Would you restate all the data that follows, word for word?

(Saved data entries)
▬▬▬▬▬▬▬▬▬▬
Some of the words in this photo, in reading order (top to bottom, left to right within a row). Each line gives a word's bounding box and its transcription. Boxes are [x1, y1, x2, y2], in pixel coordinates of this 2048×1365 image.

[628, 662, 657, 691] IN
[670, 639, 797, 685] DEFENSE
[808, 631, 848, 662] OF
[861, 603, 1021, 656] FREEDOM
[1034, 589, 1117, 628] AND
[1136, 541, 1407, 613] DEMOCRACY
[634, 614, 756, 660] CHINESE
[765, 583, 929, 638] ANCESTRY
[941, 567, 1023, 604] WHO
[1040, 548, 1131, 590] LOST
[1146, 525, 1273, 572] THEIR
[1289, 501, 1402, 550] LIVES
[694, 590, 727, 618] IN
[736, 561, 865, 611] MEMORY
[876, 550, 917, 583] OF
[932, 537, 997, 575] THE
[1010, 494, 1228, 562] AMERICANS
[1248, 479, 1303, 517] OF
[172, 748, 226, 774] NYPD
▬▬▬▬▬▬▬▬▬▬
ANSWER TO THIS PROBLEM:
Some of the words in this photo, in reading order (top to bottom, left to right within a row). Each line gives a word's bounding box and its transcription. Boxes are [x1, y1, x2, y2], in pixel coordinates of this 2048×1365 image.

[628, 662, 657, 691] IN
[670, 639, 797, 685] DEFENSE
[808, 631, 848, 662] OF
[861, 603, 1021, 656] FREEDOM
[1034, 589, 1117, 628] AND
[1136, 541, 1407, 613] DEMOCRACY
[634, 614, 756, 660] CHINESE
[765, 583, 929, 638] ANCESTRY
[941, 567, 1023, 604] WHO
[1040, 548, 1131, 590] LOST
[1146, 525, 1273, 572] THEIR
[1289, 501, 1402, 550] LIVES
[694, 590, 727, 618] IN
[736, 561, 865, 611] MEMORY
[876, 550, 917, 583] OF
[932, 537, 997, 575] THE
[1010, 494, 1228, 562] AMERICANS
[1248, 479, 1303, 517] OF
[172, 748, 226, 774] NYPD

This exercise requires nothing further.